TASK DETAILS:
The word "words" marks the lines to keep; find each one in the data and copy it.

TASK INPUT:
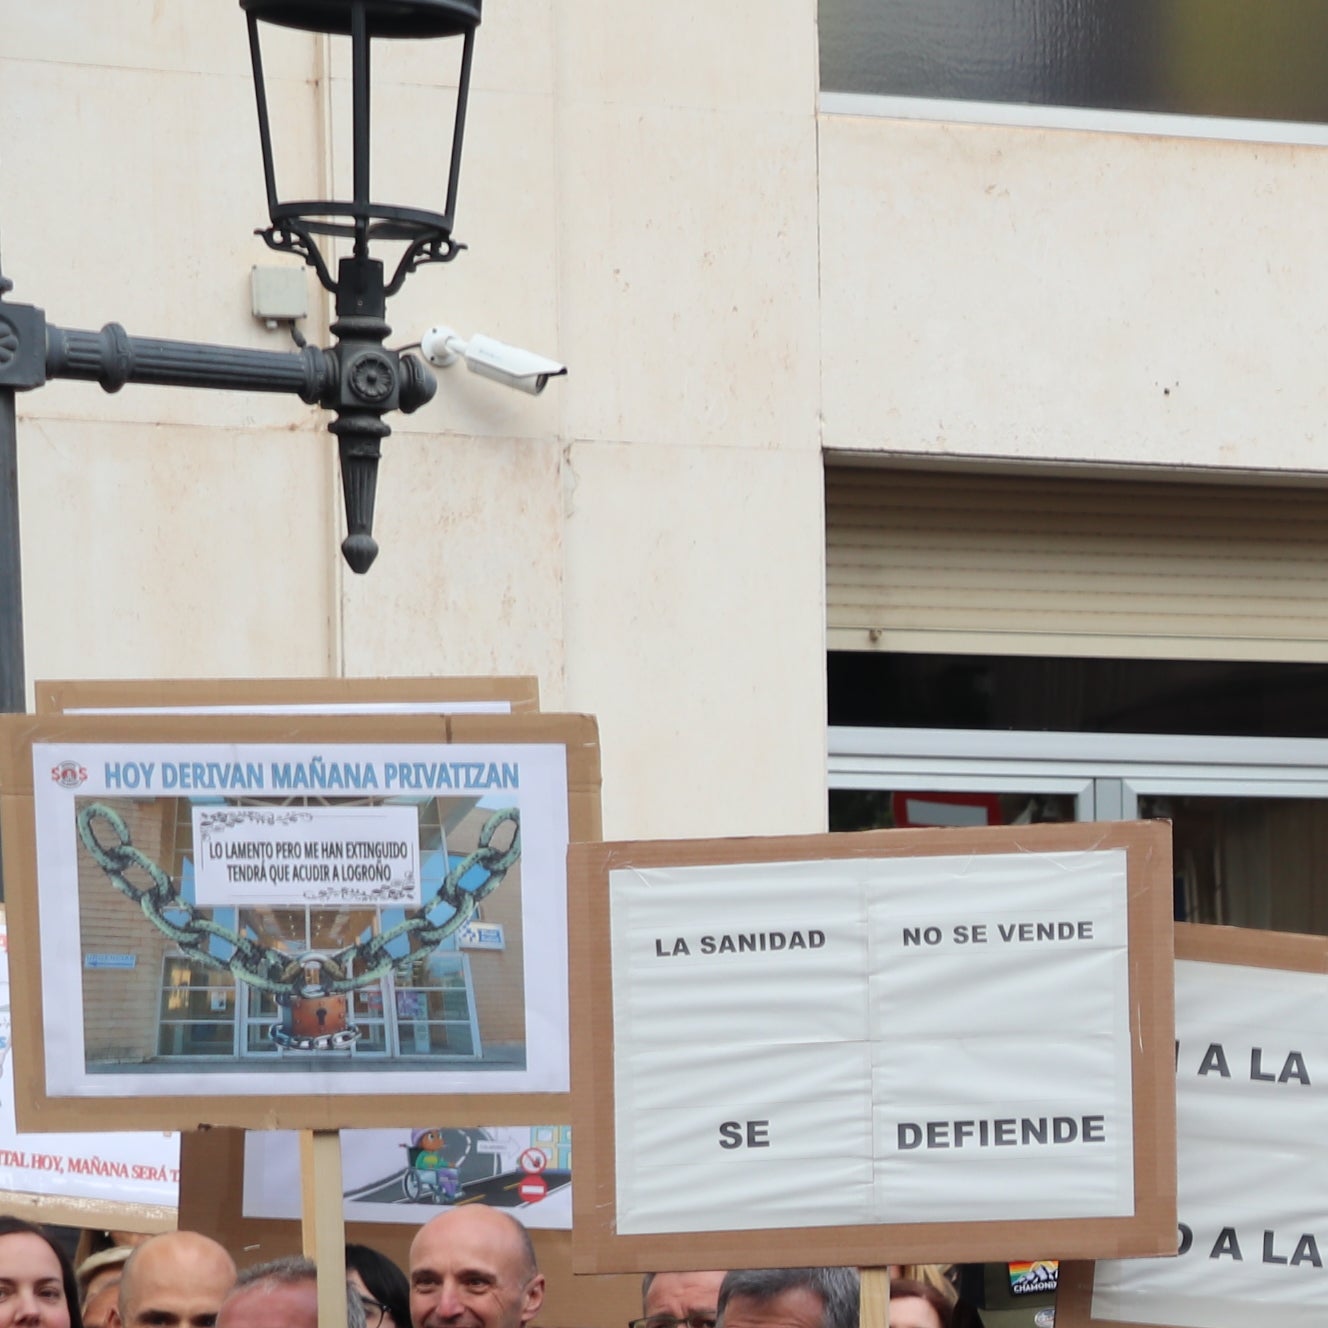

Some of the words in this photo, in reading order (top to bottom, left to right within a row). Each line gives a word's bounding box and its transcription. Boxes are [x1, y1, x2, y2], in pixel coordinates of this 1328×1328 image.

...

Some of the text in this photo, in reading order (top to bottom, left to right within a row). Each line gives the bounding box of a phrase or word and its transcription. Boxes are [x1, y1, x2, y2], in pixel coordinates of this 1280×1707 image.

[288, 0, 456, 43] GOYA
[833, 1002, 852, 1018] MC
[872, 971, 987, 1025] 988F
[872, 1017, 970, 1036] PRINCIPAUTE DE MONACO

...

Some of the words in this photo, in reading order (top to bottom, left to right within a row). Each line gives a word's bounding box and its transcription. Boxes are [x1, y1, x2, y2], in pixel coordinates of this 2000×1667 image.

YOUR SOLUTION:
Some of the words in this photo, in reading order (top to bottom, left to right within a row). Each line gives a word's bounding box and its transcription. Boxes are [x1, y1, x2, y2], in pixel coordinates of this 1328×1328 image.
Some of the words in this photo, in reading order (top to bottom, left to right within a row). Each line gives a word's bounding box and its transcription. Boxes are [x1, y1, x2, y2], in pixel coordinates of this 2000×1667 image.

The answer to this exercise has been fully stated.